● **Information supplied**:
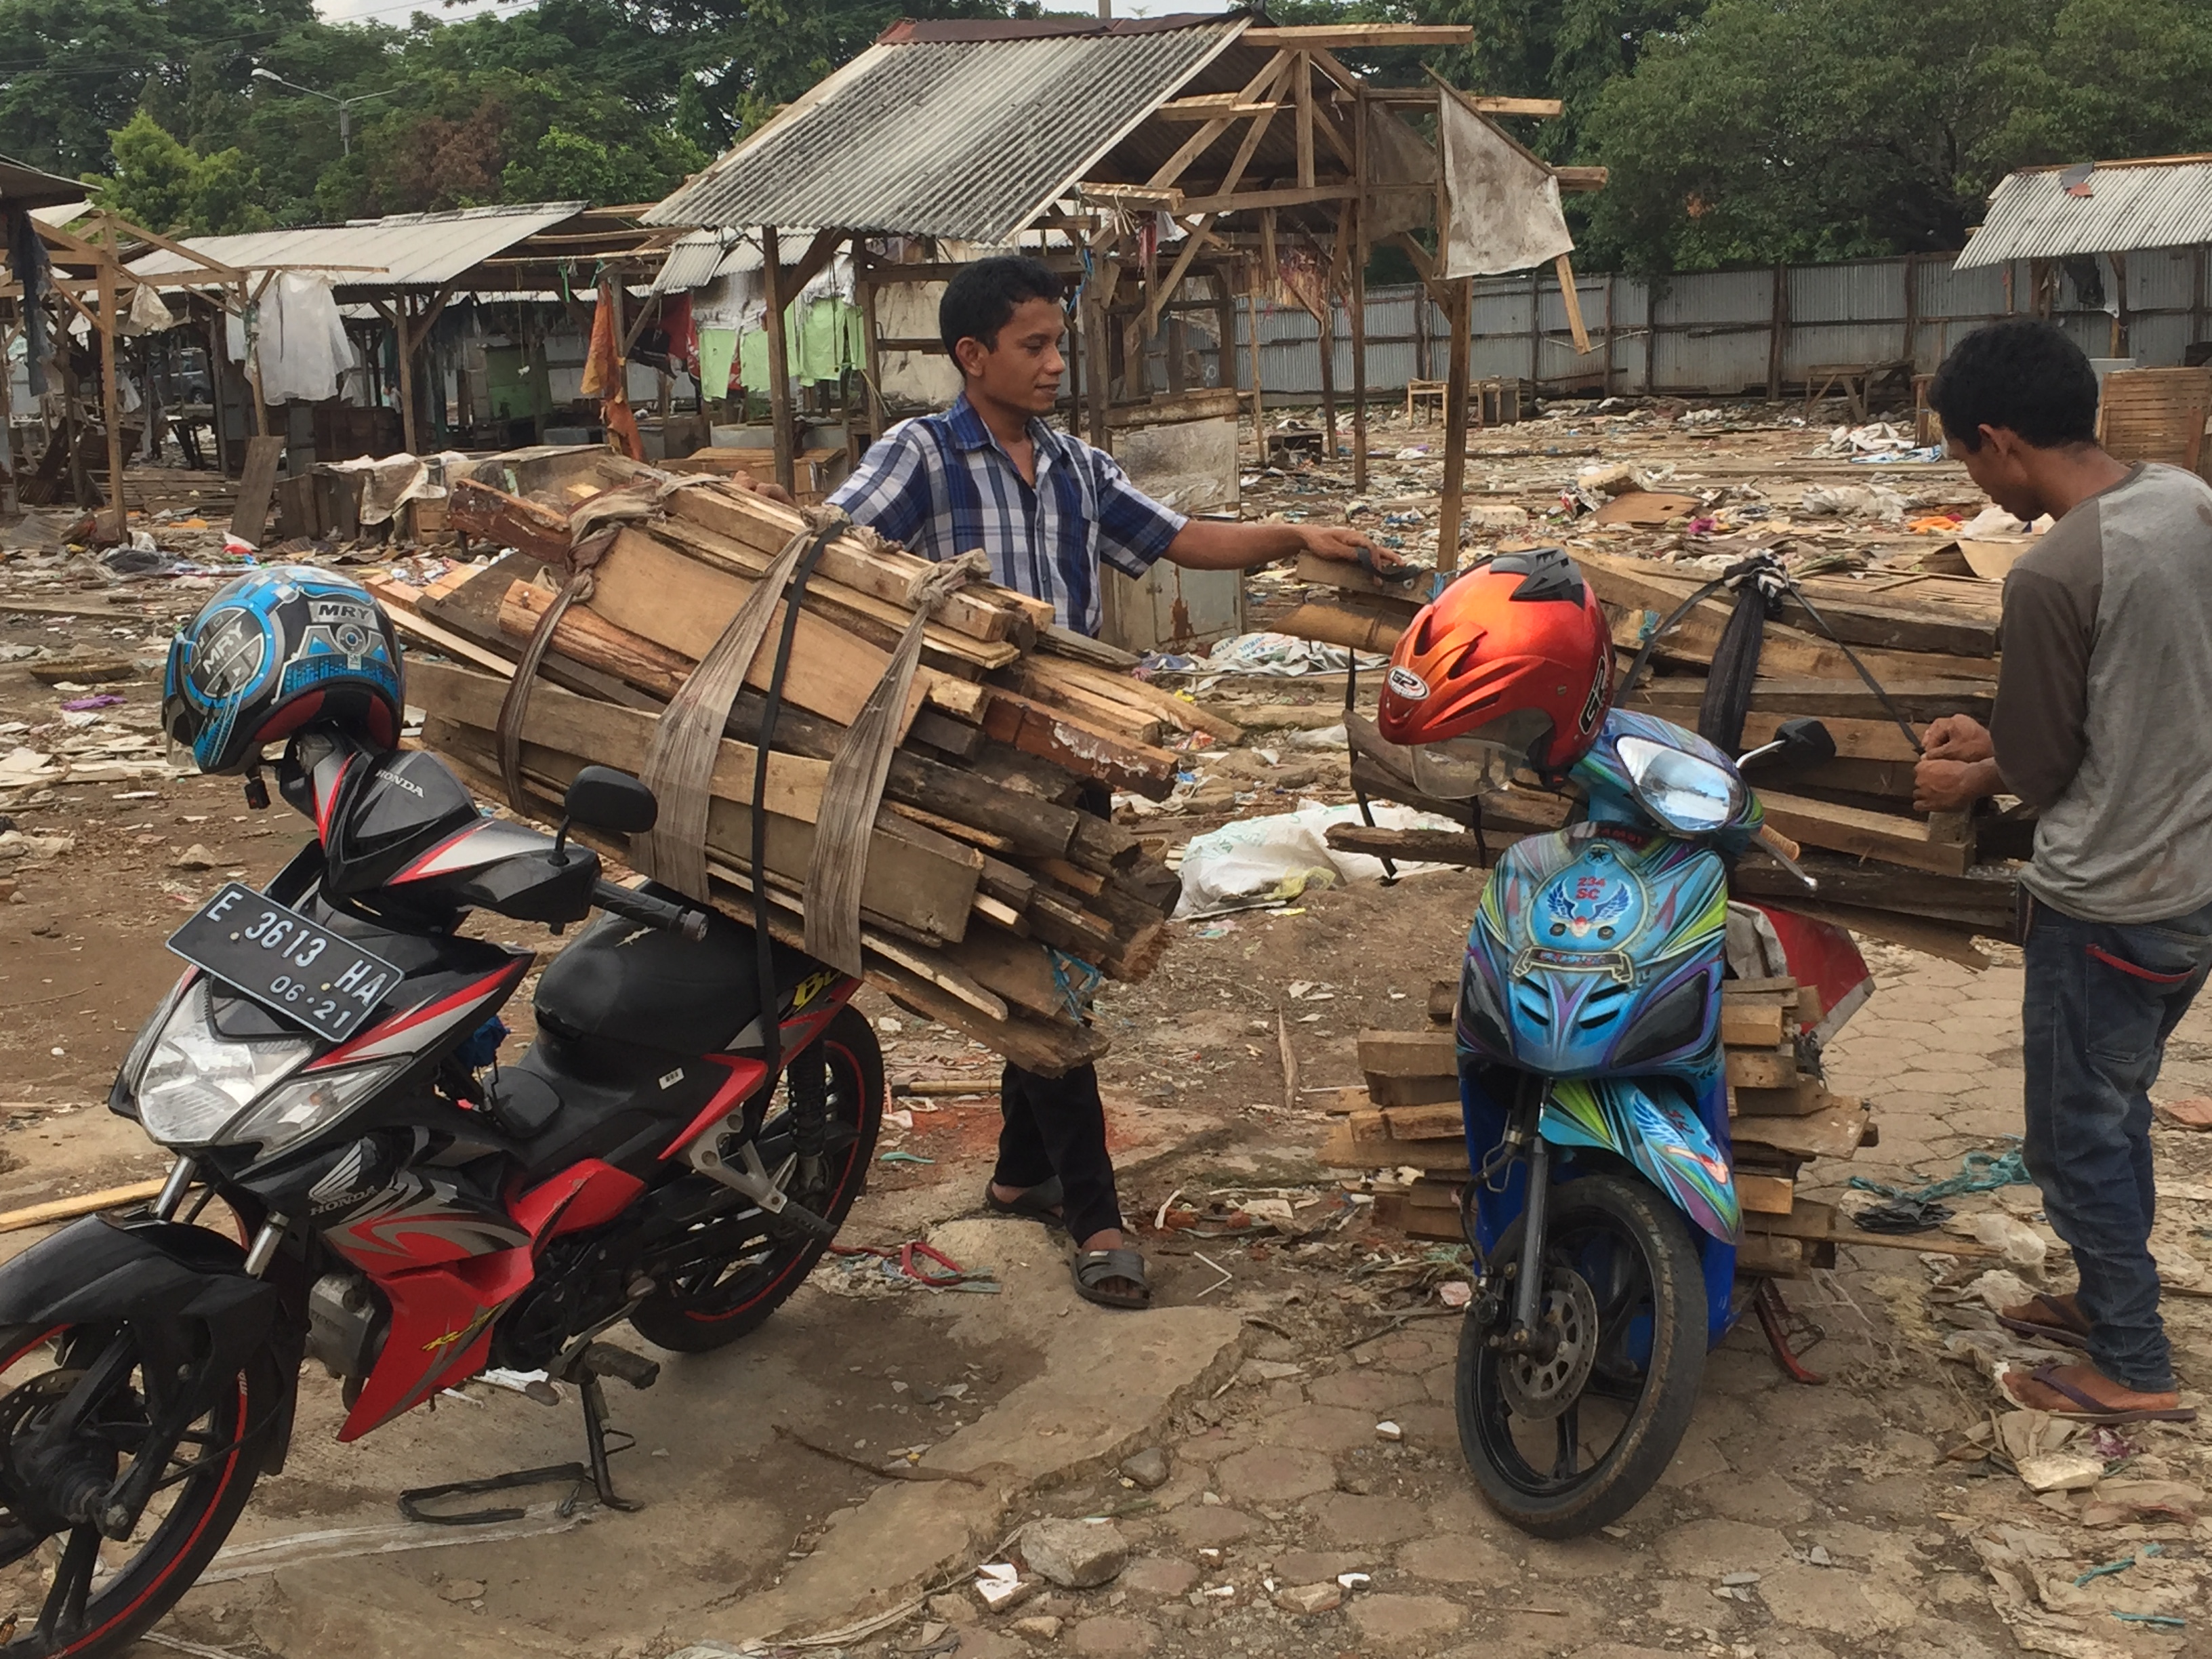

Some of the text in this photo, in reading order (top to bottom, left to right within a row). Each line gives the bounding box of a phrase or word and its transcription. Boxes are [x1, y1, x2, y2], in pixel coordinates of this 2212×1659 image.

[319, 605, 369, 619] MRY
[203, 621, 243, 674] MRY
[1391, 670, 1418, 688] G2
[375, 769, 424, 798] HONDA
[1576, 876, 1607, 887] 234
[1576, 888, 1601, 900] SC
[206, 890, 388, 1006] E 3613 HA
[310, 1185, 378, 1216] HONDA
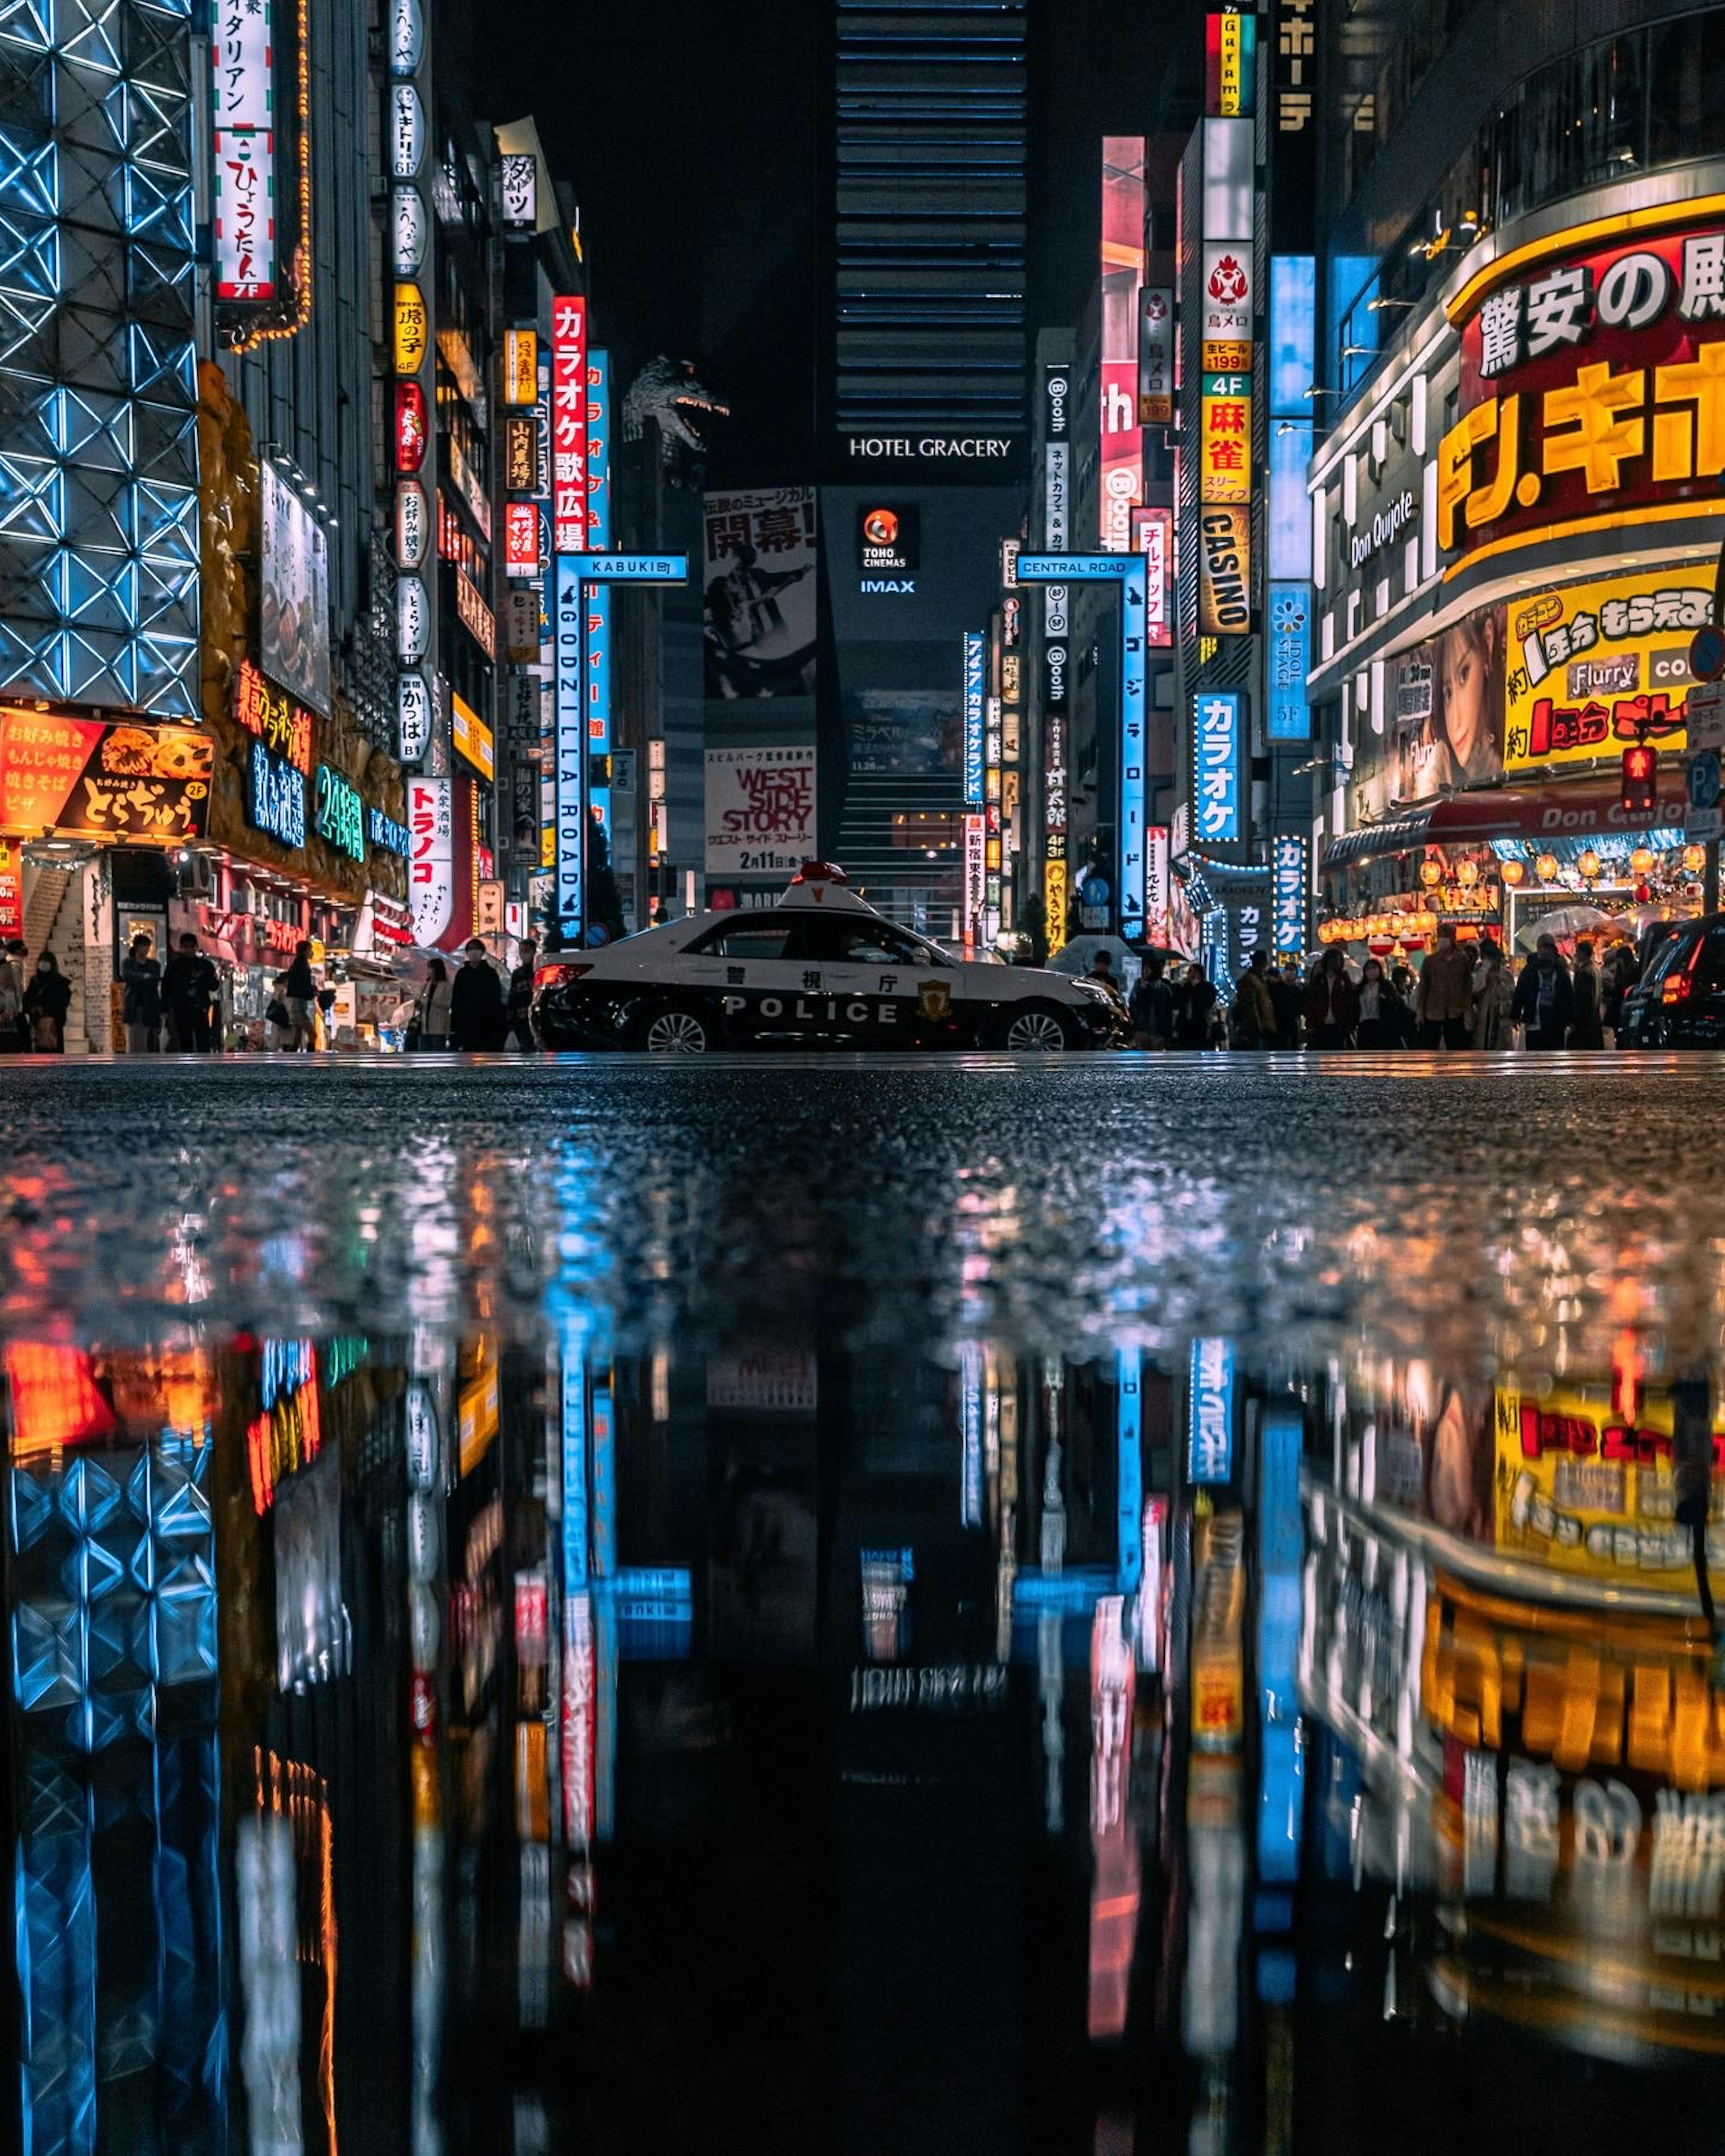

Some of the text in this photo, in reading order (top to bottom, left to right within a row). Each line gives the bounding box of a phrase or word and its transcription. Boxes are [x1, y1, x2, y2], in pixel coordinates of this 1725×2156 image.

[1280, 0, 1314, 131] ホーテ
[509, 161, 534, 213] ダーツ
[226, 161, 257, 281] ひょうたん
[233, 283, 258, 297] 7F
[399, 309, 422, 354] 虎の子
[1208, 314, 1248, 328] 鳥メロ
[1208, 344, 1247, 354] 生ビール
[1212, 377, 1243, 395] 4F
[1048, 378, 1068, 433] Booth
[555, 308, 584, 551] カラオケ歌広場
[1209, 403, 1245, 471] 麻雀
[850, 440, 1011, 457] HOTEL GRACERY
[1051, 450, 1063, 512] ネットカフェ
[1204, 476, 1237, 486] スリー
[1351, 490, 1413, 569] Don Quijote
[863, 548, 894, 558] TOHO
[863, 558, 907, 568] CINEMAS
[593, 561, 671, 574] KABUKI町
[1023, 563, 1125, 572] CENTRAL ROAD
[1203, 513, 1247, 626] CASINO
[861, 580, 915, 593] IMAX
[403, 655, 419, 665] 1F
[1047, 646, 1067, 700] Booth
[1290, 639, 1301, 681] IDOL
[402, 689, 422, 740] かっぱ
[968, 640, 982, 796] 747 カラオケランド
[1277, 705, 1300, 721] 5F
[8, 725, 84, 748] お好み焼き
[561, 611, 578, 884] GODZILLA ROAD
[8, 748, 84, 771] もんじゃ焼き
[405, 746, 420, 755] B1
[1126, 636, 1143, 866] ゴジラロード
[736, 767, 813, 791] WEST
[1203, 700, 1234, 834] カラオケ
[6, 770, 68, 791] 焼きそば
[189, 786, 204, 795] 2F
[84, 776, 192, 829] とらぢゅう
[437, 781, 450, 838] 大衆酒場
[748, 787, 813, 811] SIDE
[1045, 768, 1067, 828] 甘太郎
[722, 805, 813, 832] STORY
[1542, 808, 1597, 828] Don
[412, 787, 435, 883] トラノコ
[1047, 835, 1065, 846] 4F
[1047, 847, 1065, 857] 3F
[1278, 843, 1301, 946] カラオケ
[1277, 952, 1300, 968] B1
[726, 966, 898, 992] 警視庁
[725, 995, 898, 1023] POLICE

● **Task requirements**:
Reprint the entries above exactly, images removed.

● **Problem solution**:
Some of the text in this photo, in reading order (top to bottom, left to right within a row). Each line gives the bounding box of a phrase or word and its transcription. Boxes are [x1, y1, x2, y2], in pixel coordinates of this 2212×1659 image.

[319, 605, 369, 619] MRY
[203, 621, 243, 674] MRY
[1391, 670, 1418, 688] G2
[375, 769, 424, 798] HONDA
[1576, 876, 1607, 887] 234
[1576, 888, 1601, 900] SC
[206, 890, 388, 1006] E 3613 HA
[310, 1185, 378, 1216] HONDA

Some of the text in this photo, in reading order (top to bottom, left to right within a row). Each line gives the bounding box of a phrase or word and its transcription. Boxes are [x1, y1, x2, y2], in pixel coordinates of this 1725×2156 image.

[1280, 0, 1314, 131] ホーテ
[509, 161, 534, 213] ダーツ
[226, 161, 257, 281] ひょうたん
[233, 283, 258, 297] 7F
[399, 309, 422, 354] 虎の子
[1208, 314, 1248, 328] 鳥メロ
[1208, 344, 1247, 354] 生ビール
[1212, 377, 1243, 395] 4F
[1048, 378, 1068, 433] Booth
[555, 308, 584, 551] カラオケ歌広場
[1209, 403, 1245, 471] 麻雀
[850, 440, 1011, 457] HOTEL GRACERY
[1051, 450, 1063, 512] ネットカフェ
[1204, 476, 1237, 486] スリー
[1351, 490, 1413, 569] Don Quijote
[863, 548, 894, 558] TOHO
[863, 558, 907, 568] CINEMAS
[593, 561, 671, 574] KABUKI町
[1023, 563, 1125, 572] CENTRAL ROAD
[1203, 513, 1247, 626] CASINO
[861, 580, 915, 593] IMAX
[403, 655, 419, 665] 1F
[1047, 646, 1067, 700] Booth
[1290, 639, 1301, 681] IDOL
[402, 689, 422, 740] かっぱ
[968, 640, 982, 796] 747 カラオケランド
[1277, 705, 1300, 721] 5F
[8, 725, 84, 748] お好み焼き
[561, 611, 578, 884] GODZILLA ROAD
[8, 748, 84, 771] もんじゃ焼き
[405, 746, 420, 755] B1
[1126, 636, 1143, 866] ゴジラロード
[736, 767, 813, 791] WEST
[1203, 700, 1234, 834] カラオケ
[6, 770, 68, 791] 焼きそば
[189, 786, 204, 795] 2F
[84, 776, 192, 829] とらぢゅう
[437, 781, 450, 838] 大衆酒場
[748, 787, 813, 811] SIDE
[1045, 768, 1067, 828] 甘太郎
[722, 805, 813, 832] STORY
[1542, 808, 1597, 828] Don
[412, 787, 435, 883] トラノコ
[1047, 835, 1065, 846] 4F
[1047, 847, 1065, 857] 3F
[1278, 843, 1301, 946] カラオケ
[1277, 952, 1300, 968] B1
[726, 966, 898, 992] 警視庁
[725, 995, 898, 1023] POLICE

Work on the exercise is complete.